Activity: Could you transcribe every record below exactly, leaving out the pictures?

Supplied entries:
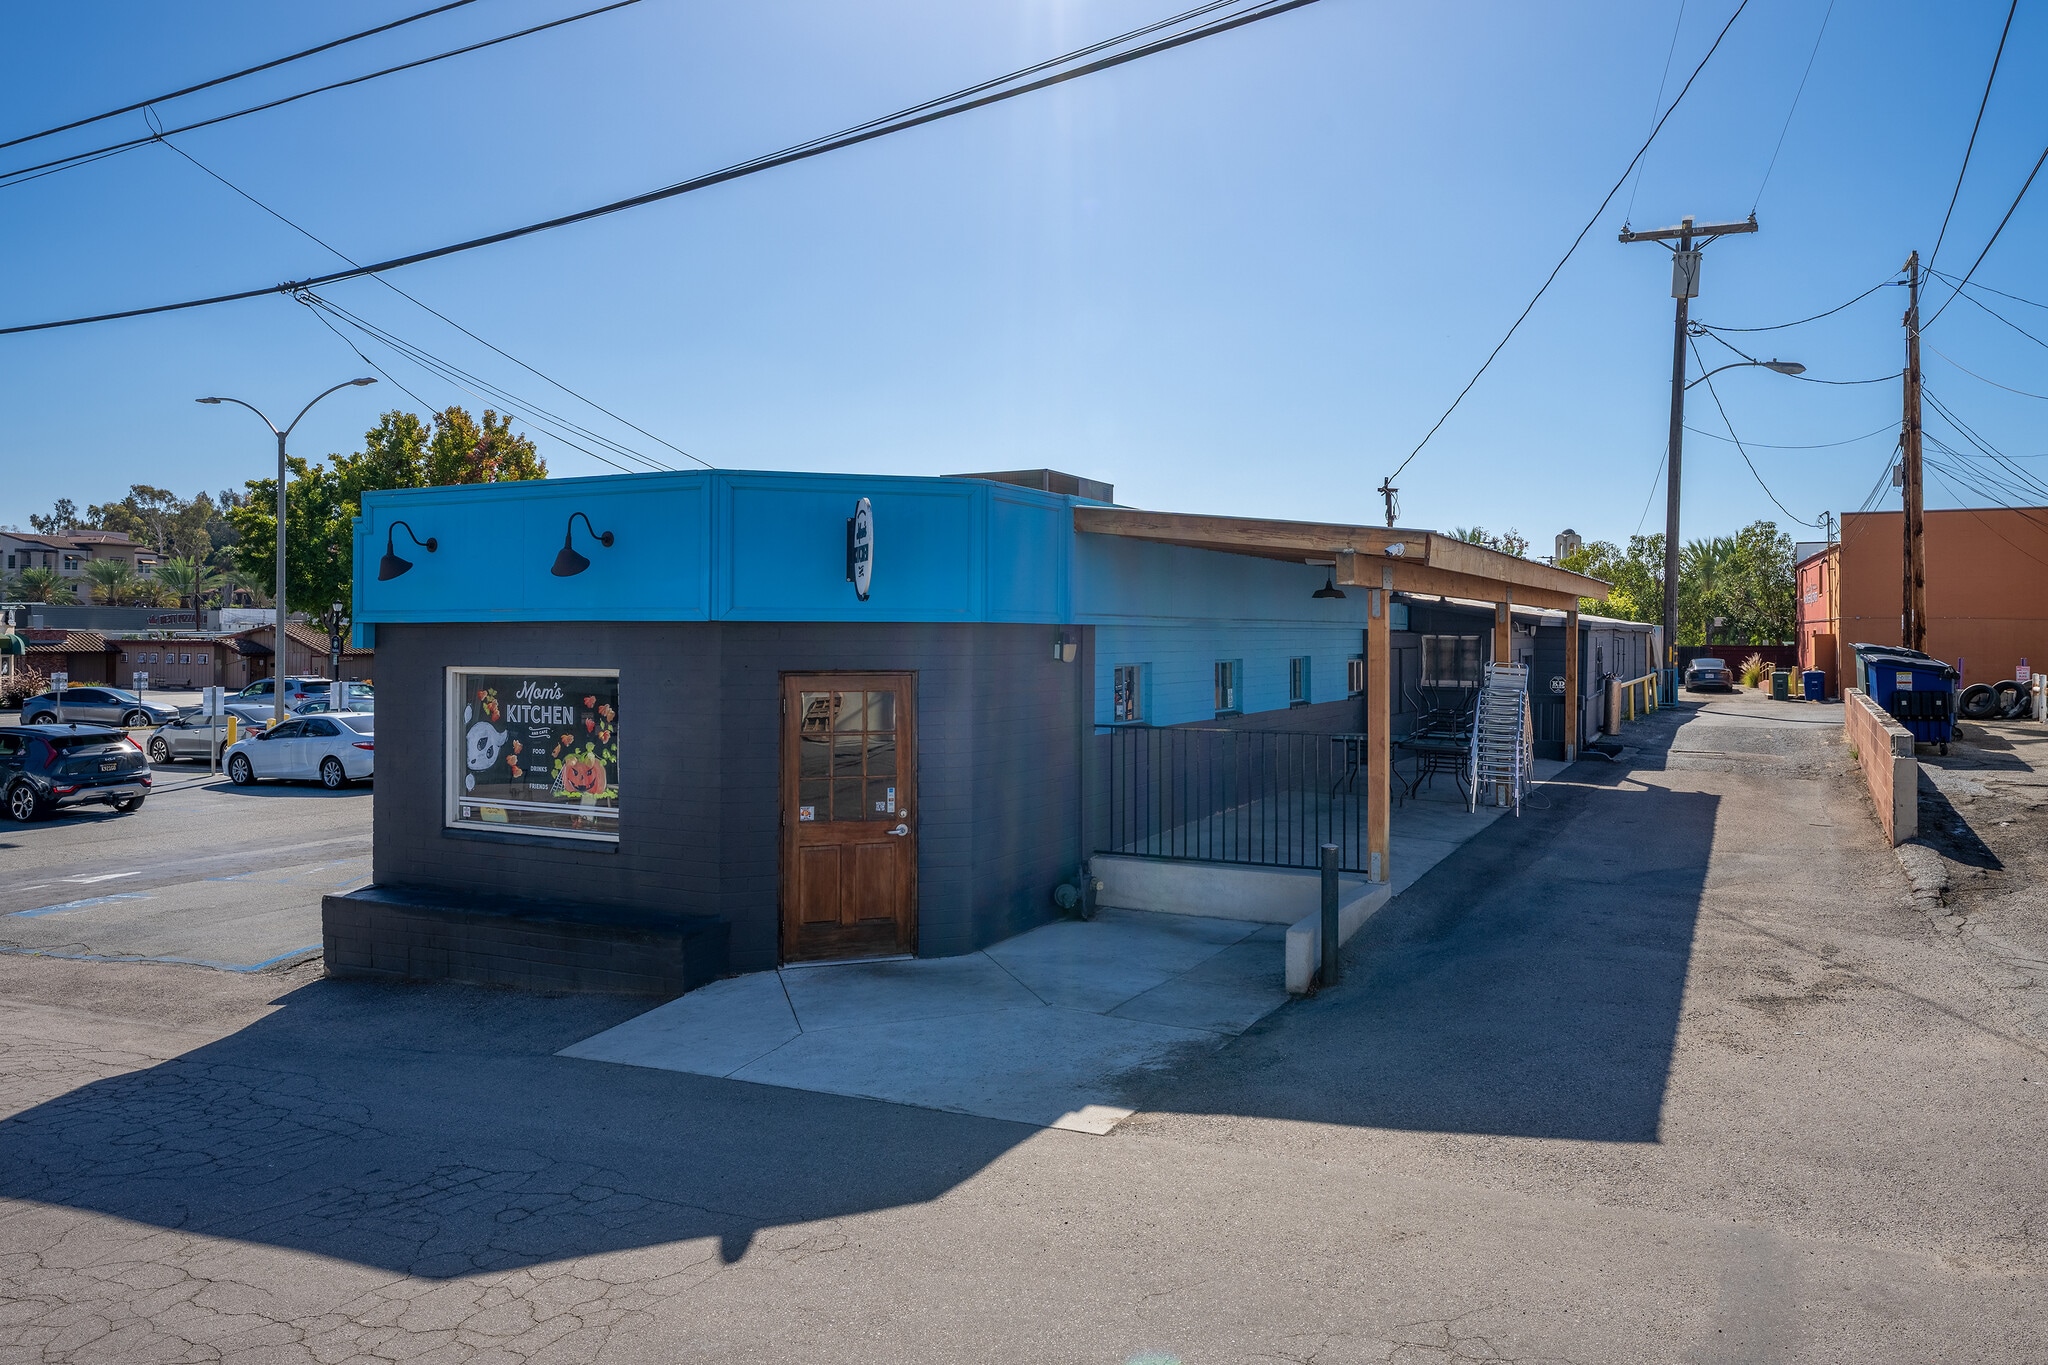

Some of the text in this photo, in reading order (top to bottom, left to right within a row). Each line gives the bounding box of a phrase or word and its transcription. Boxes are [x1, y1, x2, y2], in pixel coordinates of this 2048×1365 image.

[516, 680, 564, 704] Mom's
[506, 704, 574, 725] KITCHEN
[530, 765, 548, 773] DRINKS
[529, 782, 549, 790] FRIENDS

Solution to the exercise:
Some of the text in this photo, in reading order (top to bottom, left to right within a row). Each line gives the bounding box of a phrase or word and its transcription. Boxes are [x1, y1, x2, y2], in pixel coordinates of this 2048×1365 image.

[516, 680, 564, 704] Mom's
[506, 704, 574, 725] KITCHEN
[530, 765, 548, 773] DRINKS
[529, 782, 549, 790] FRIENDS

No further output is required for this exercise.